Two of Alan's observations struck me..
"At the first pub lunch of the project some basic questions needed sorting – is this Reading? If it is, how do we make it seventies? If it isn’t how do we weave a credible place together? Is it about the place or the firm, or the family or the girl? Who are these people? How and why do they matter and know each other and what are the implications? Sadly a lot of these basic questions were not answered, or answered ineptly, and the result is to sabotage the whole film."
Decide which road to take. This is the fairly obvious lesson for any communication. You need to know what you want to say. Tangents and asides are fine but it should be clear what the big idea is. What is the point and is it a point worth making. Similarly, this means being clear about what we're not saying. Without worthwhile and clear content there will be no communication.


But, content has to be communicated well otherwise it's just words in the wind.



"Last obvious nail in the coffin is the occasional failure of the script to follow the most basic rule of all drama — don’t tell them, show them."
Decide how to take it. In this vein I love the way Paul describes his preaching in Galatians 3:1 as "publicly portraying" which has the tone of painting a verbal picture for them to see. Any one can state facts repeatedly but when you portray something for the senses (with your words) you capture the heart and the imagination. It bites and it sticks.

In the opening chapter of CS Lewis' The Great Divorce gives an example. If you want to give people an idea about heaven and hell how would you do it? Lewis' takes us on a bus journey from the hellish grey-town where people drift away from each other in a place that looks substantial but where the walls can't even keep the rain out... and then into heaven which is so substantial that people seem like smudges and the place is so weighty you can't lift a daisy and the grass penetrates you feet.

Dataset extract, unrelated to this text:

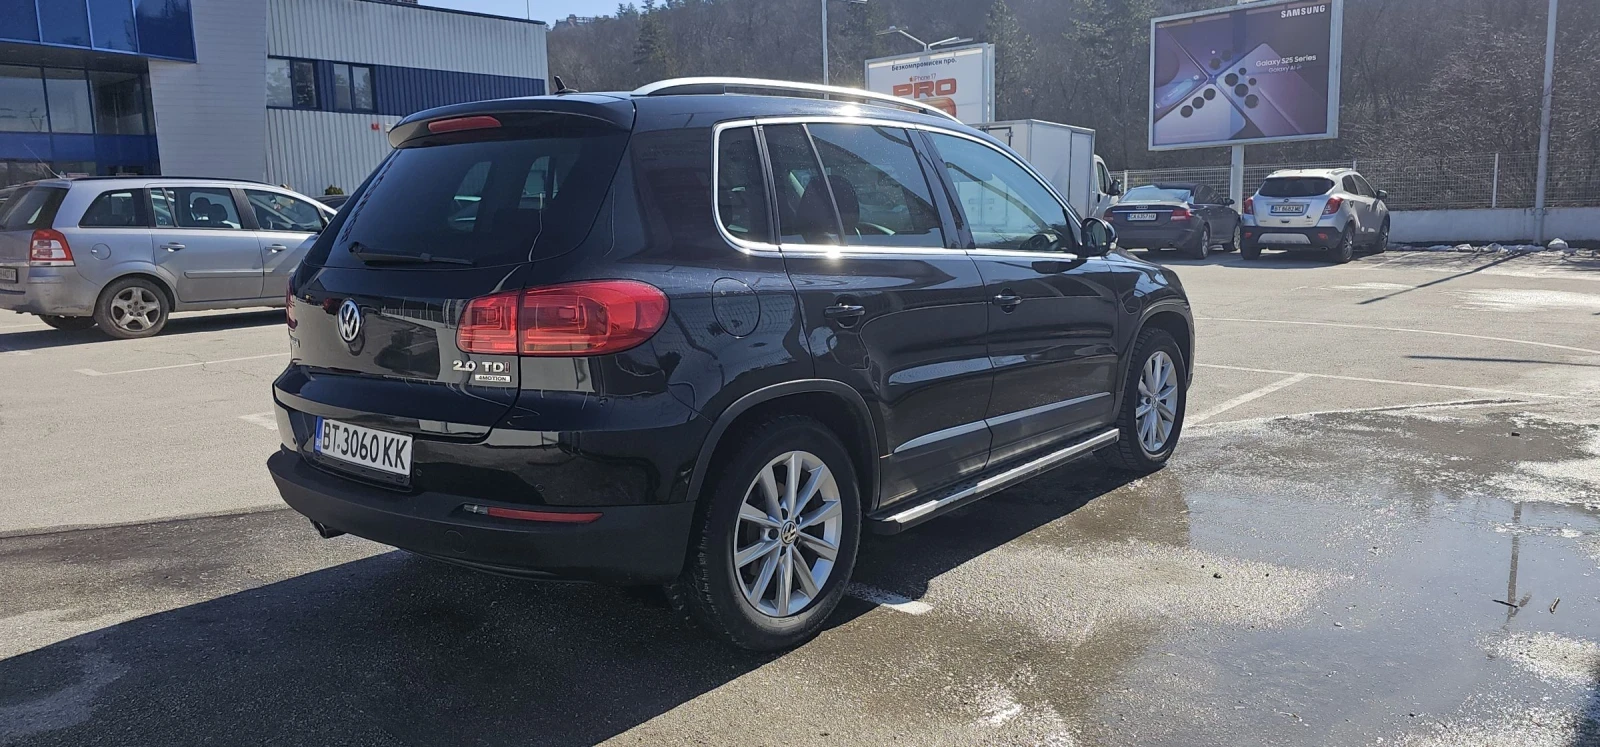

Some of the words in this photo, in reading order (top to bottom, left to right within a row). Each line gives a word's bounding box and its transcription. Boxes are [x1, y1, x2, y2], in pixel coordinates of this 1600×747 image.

Its one thing for a preacher to tell you that you must believe in Jesus, quite another for them to portray him so that you want to. We know in the cinema that man does not live by information and instruction alone but with  imagination too. The best films, sermons and blog posts know what they're trying to say and they say it with some flair that appeals to our hearts. In the cinema we know that should happen, though it often doesn't even though the Director has a cast, locations, CGI, 3D or other technology etc. The preacher has something richer to wield - words. And I'm very much still learning how to do that.